These men are being asked to enlist not in a private outfit but in something new and strange: a Ministry of Defense (MOD)-sponsored revival of the Wagner Group mercenary force, branded the Wagner Legion. Recruitment for the unit is carried out through the local military enlistment office with the support of local authorities.
It is, by rough count, the fourth time Moscow has tried to reanimate Wagner since the group's dramatic implosion in the summer of 2023, when its leader Yevgeny Prigozhin tried to stage a mutiny and then died in a mysterious plane crash two months later. The question is not just why Russia would want to resurrect Wagner -- it is why it needs to.
The answer lies in a mix of manpower shortages, foreign-policy desperation and a mythology that simply refuses to fade.
![Mourners visit the grave of Wagner Group chief Yevgeny Prigozhin in St. Petersburg, Russia, last August 23. [Olga Maltseva/AFP]](/gc6/images/2025/06/25/50942-1000097565-370_237.webp)
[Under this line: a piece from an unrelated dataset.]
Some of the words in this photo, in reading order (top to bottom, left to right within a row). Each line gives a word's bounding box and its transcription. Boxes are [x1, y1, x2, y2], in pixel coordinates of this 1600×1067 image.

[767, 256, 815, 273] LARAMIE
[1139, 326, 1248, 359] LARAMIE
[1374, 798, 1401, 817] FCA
![A member of the Central African Republic armed forces wearing a patch with the logo of Wagner (L) on March 1. [Patrick Meinhardt/AFP]](/gc6/images/2025/06/25/50943-1000097566-370_237.webp)
The legend lives on
In March 2024, the mayor of Istra, Tatyana Vitusheva, reported that more than a thousand "Wagnerites" had joined the Legion. And in October, Russian pro-Kremlin military bloggers started to promote job opportunities with it.
Recruitment is now driven by streaming platforms, social media and official websites offering salaries and bonuses generous by Russian standards. The bonuses are even bigger for fighting in Africa.
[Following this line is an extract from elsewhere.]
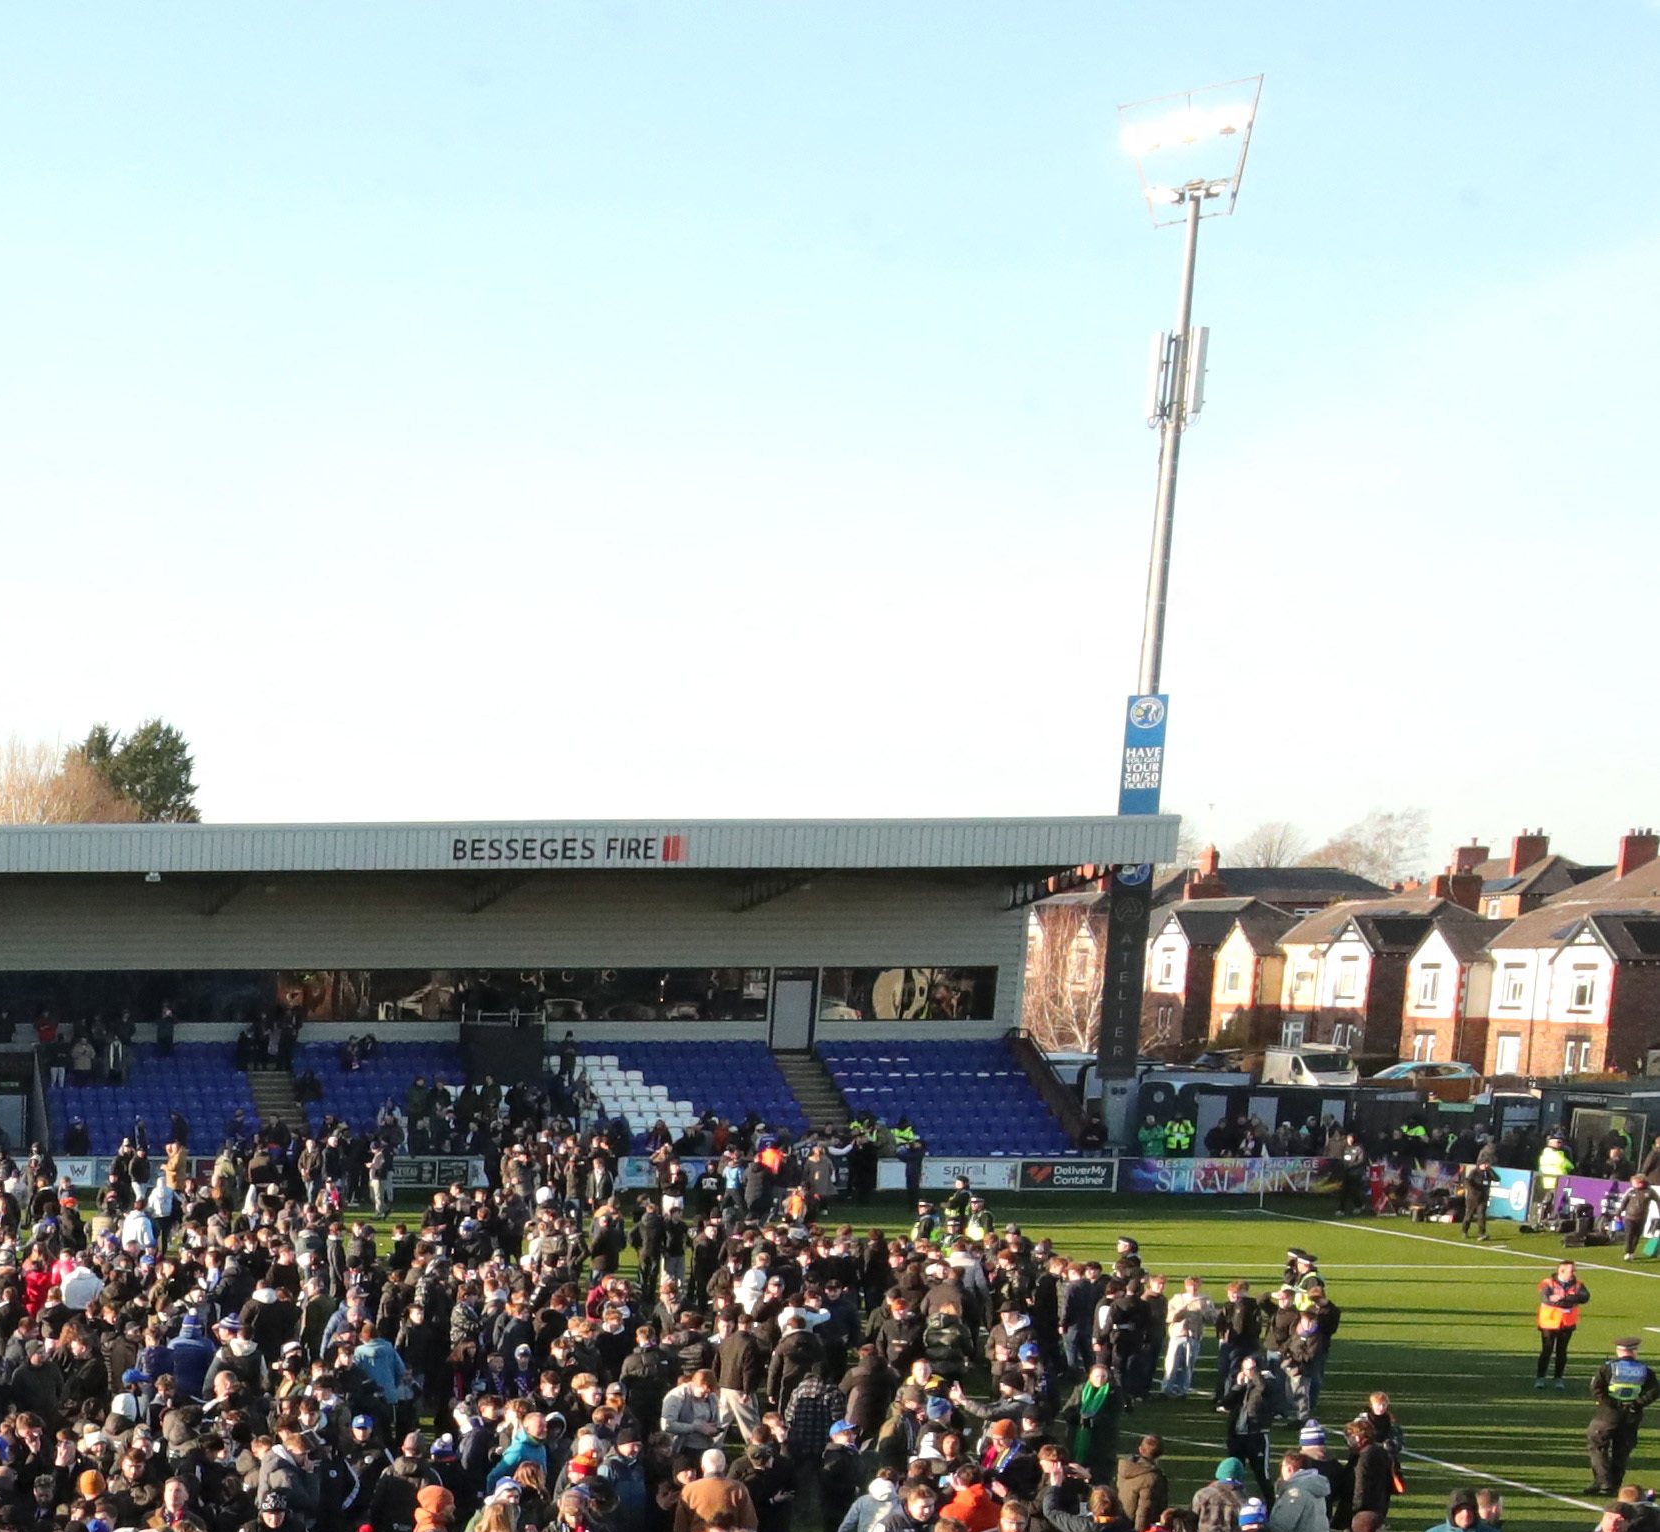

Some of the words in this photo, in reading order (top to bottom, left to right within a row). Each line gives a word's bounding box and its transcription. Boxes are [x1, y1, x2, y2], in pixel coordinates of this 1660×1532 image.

Recruiters promise to place men under "legendary commanders" who once marched under Prigozhin's banner.
The symbolism is overt. The language is steeped in old Wagner lore. Veterans still refer to themselves as "musicians."
Yet Wagner, as it existed from 2014 until its apparent collapse in 2023, no longer officially exists. Its assets were absorbed by the MOD; its Africa Corps spun off under Kremlin oversight; its top leadership either dead or sidelined.
The Wagner Legion is something new: a hybrid, co-opting the Wagner name while operating under the state's firm grasp.
Not everyone buys the rebrand though.
"This isn't Wagner -- this is just a regular infantry unit of the [MOD] ... With all the consequences that entails," Timur Eloyev, a user on the Russian social media platform VKontakte, wrote in June.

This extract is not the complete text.